Figure EV3. Effect of ROT4 S-acylation on its interaction with BSK5 in a BiFC assay.
The indicated protein pairs were expressed in protoplasts for 24 h before confocal microscopy. YN or YC, the N or C fragment of YFP. The representative YFP (yellow) and Merged (with the bright field in gray and chloroplast auto-fluorescence in magenta) from three biologically independent experiments are shown. Scale bars: 5 µm. Source data are available online for this figure.
Previous research has shown that BSK5 associates with the receptor kinase PEPR1 on the plasma membrane in the regulation of plant immunity (Majhi et al, 2019). Hence, our data on the ROT4-BSK5 interaction implies that ROT4 may be associated with the PEP signaling pathway. Therefore, we tested the effect of Pep1 on the interaction between ROT4 and BSK5. The Pep1 treatment was observed to increase the ROT4-BSK5 association (Fig. 3E), supporting the functional interplay between ROT4 and the PEPR1-mediated signaling. Thus, the effect of ROT4 on the BSK5-PEPR1 interaction was further measured in a co-IP assay. Compared to that in the wild-type control plant cells, the interaction between BSK5-Myc and PEPR1-GFP was attenuated in the wild-type ROT4 (without a tag fusion) overexpressing transgenic plant cells (Fig. 3F), suggesting that ROT4 enhances the dissociation between BSK5 and PEPR1.

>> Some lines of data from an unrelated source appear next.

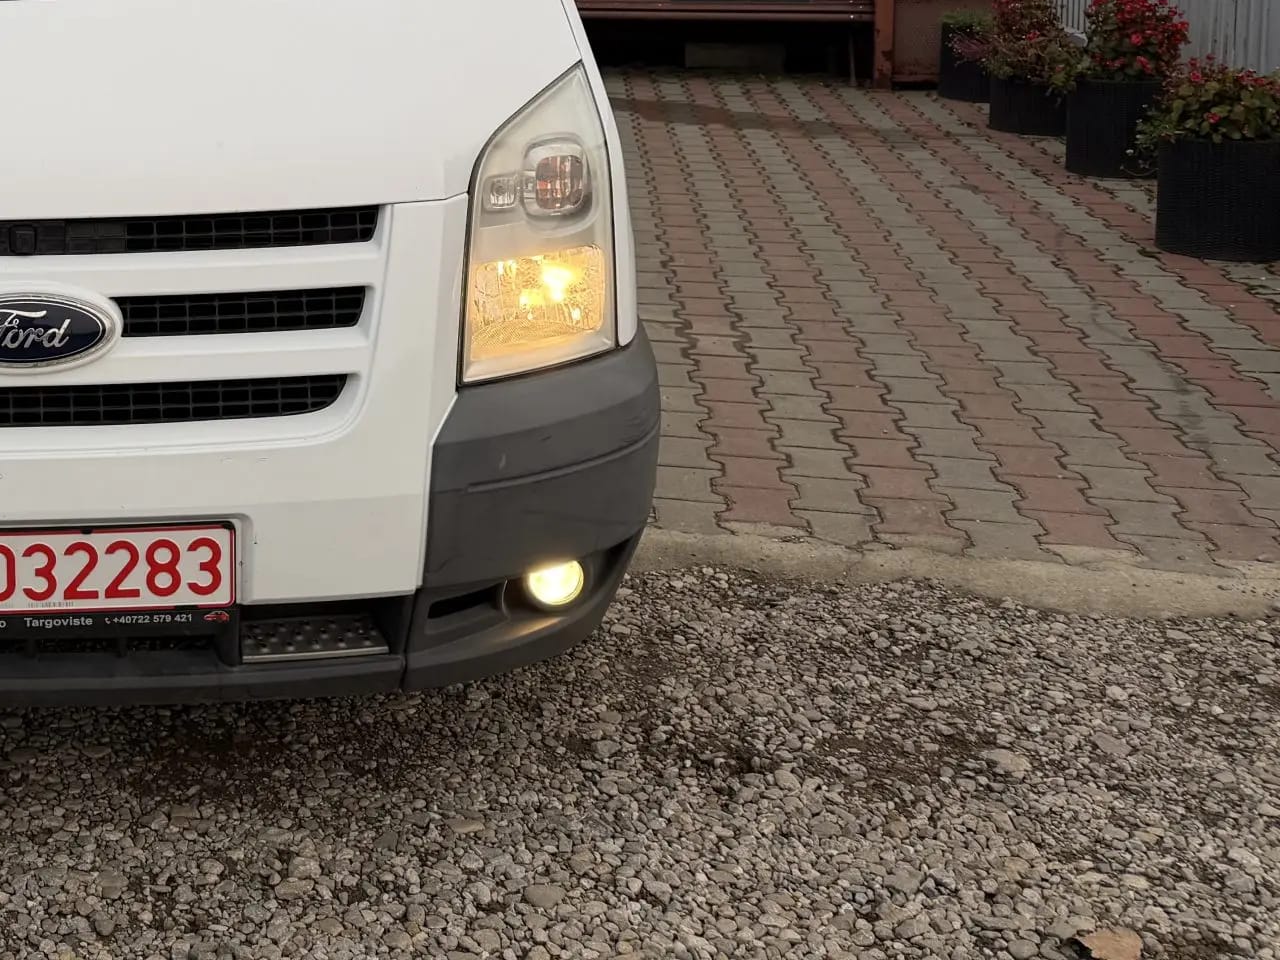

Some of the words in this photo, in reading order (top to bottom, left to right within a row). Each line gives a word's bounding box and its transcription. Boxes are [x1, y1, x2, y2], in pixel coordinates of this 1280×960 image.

[23, 615, 93, 630] Targoviste
[153, 613, 173, 624] 579
[175, 613, 193, 623] 421
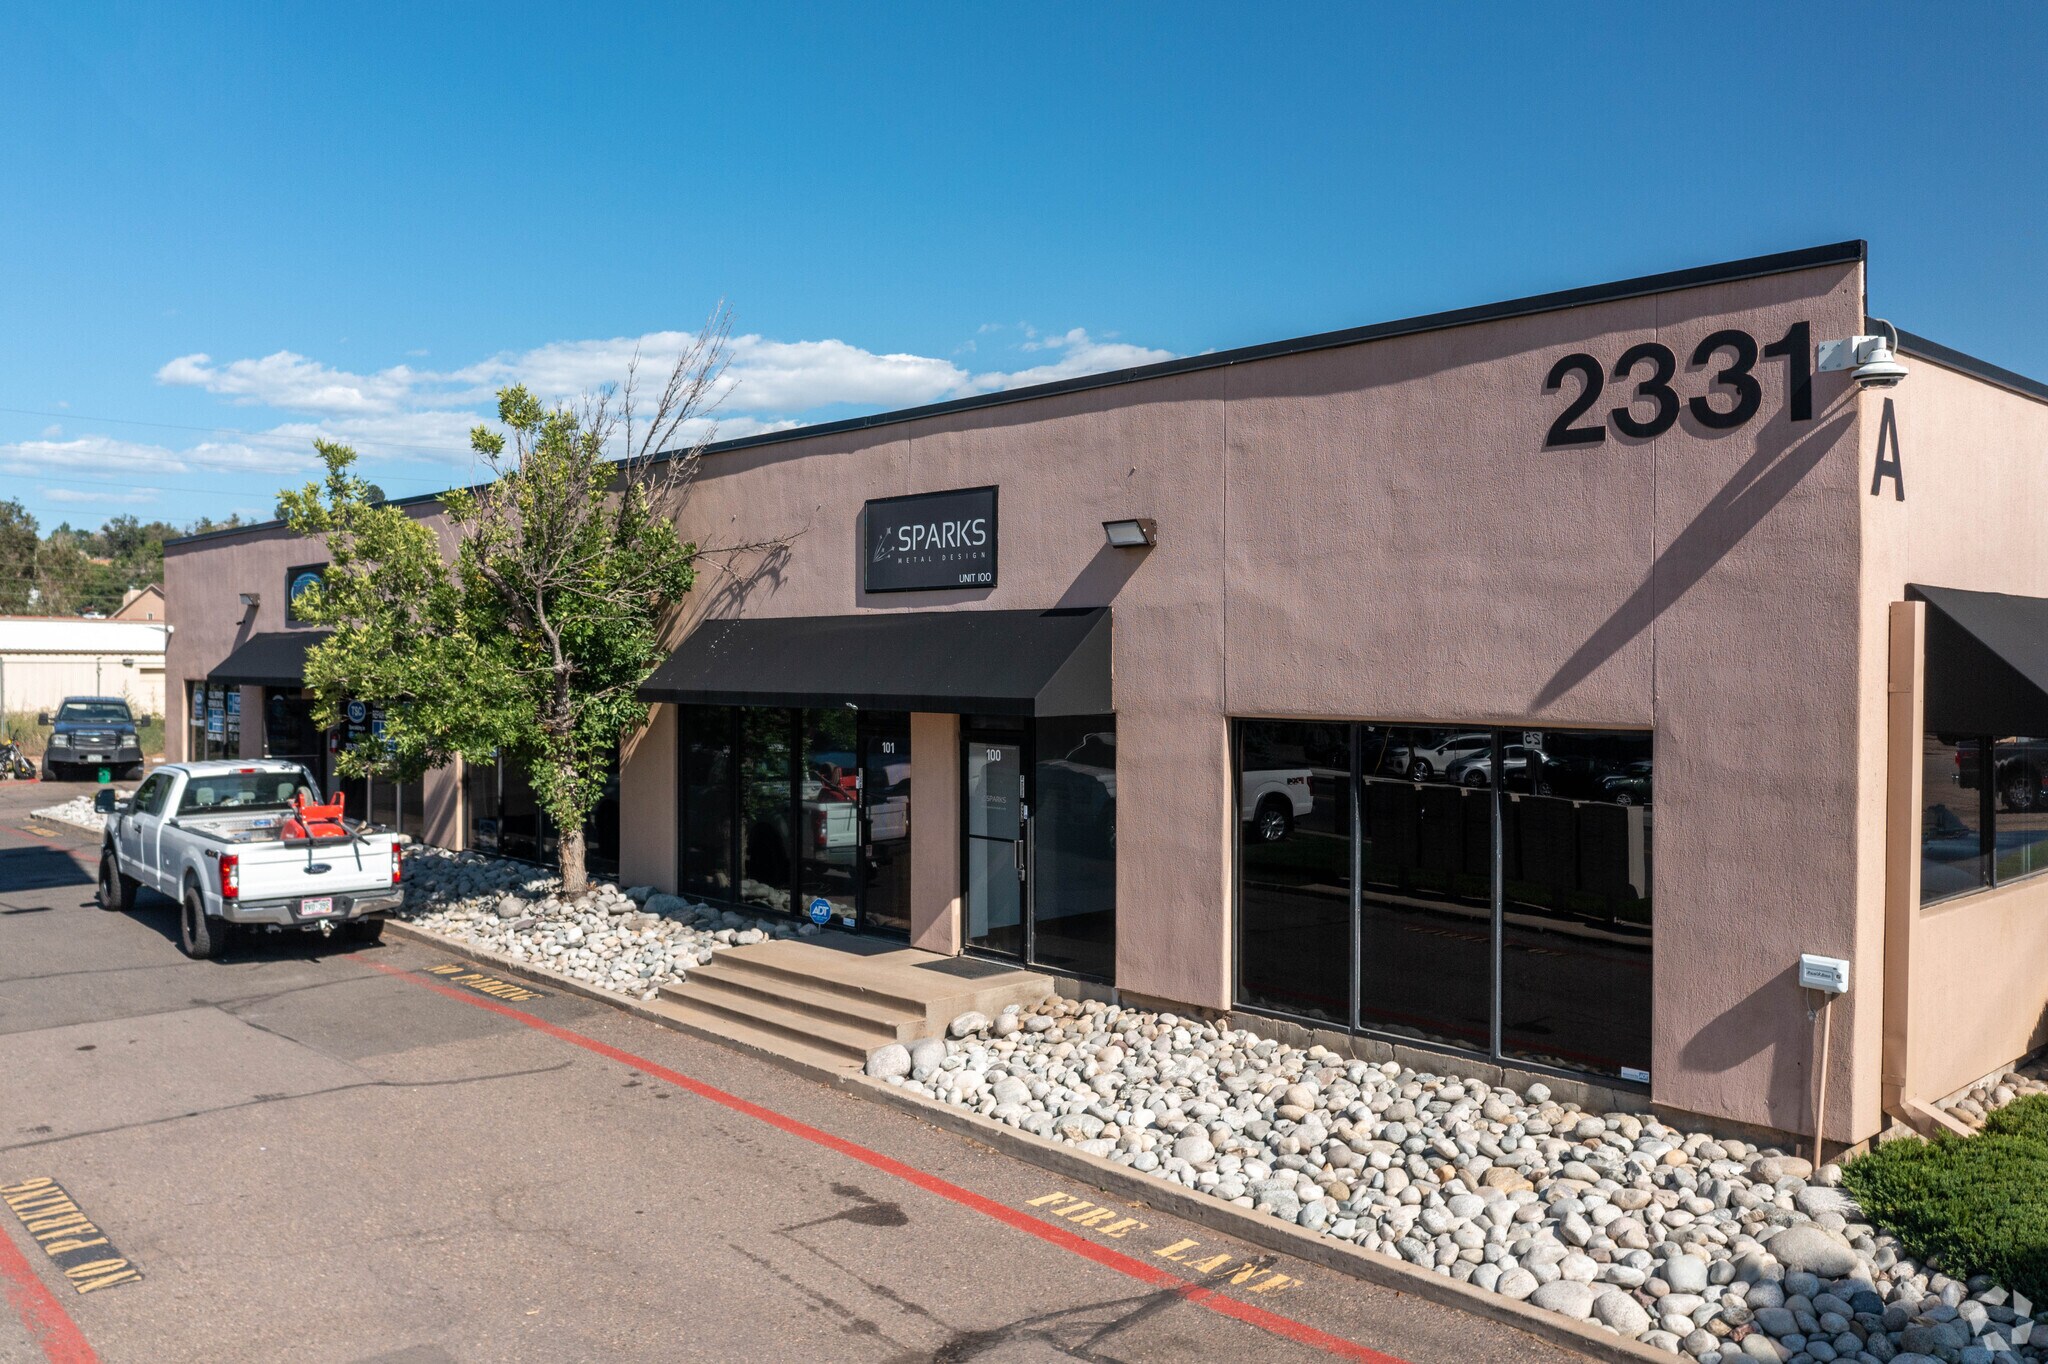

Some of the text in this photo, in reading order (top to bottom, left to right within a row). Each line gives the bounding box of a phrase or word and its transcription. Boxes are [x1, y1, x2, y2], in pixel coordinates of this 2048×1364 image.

[1546, 320, 1812, 447] 2331
[1871, 397, 1905, 502] A
[898, 518, 986, 552] SPARKS
[898, 552, 986, 564] METAL DESIGN
[959, 572, 992, 583] UNIT 100
[350, 705, 363, 716] TSC
[882, 741, 895, 754] 101
[986, 748, 1001, 762] 100
[986, 795, 1007, 804] SPARKS
[811, 906, 830, 916] ADT
[422, 964, 545, 1002] NO PARKING
[1025, 1191, 1304, 1295] FIRE LANE

After the perception of extracellular signals, the receptor kinases may phosphorylate their associated cytoplasmic kinases, resulting in the release of cytoplasmic kinases for downstream immune activation. For example, flg22 induces the dissociation between its receptor kinase FLS2 and BSK1 (Shi et al, 2013), the homolog of BSK5, for downstream immune responses. Thus, to determine whether Pep1 affects the PEPR1-BSK5 association, Pep1 was applied to the co-IP assay. The results indicate that the secreted peptide Pep1 also reduced the interaction between PEPR1-GFP and BSK5-Myc (Fig. 3G). The quantification of interaction intensity in co-IP confirmed that the ROT4-BSK5 interaction was enhanced by Pep1; however, the PEPR1-BSK5 interaction was decreased by Pep1, which was similar to the effect of ROT4 overexpression (Fig. 3H). Previous research has shown that the phosphorylation of BSK5 mediated by PEPR1 is critical for the function of BSK5 in immune responses (Majhi et al, 2019). Our co-IP data showed that the overexpression of ROT4 or Pep1 treatment attenuated the interaction between PEPR1 and BSK5(WT) but did not affect the association between PEPR1 and BSK5(S209A/T210A) (Fig. EV4A–D), which is a phosphorylation defective mutant. This suggests that the phosphorylation of BSK5 is necessary for its dissociation from PEPR1 induced by Pep1 and ROT4. Thus, the dissociation of PEPR1 and BSK5 mediated by S-acylated ROT4 mimics the process in the presence of Pep1, activating downstream immune pathways.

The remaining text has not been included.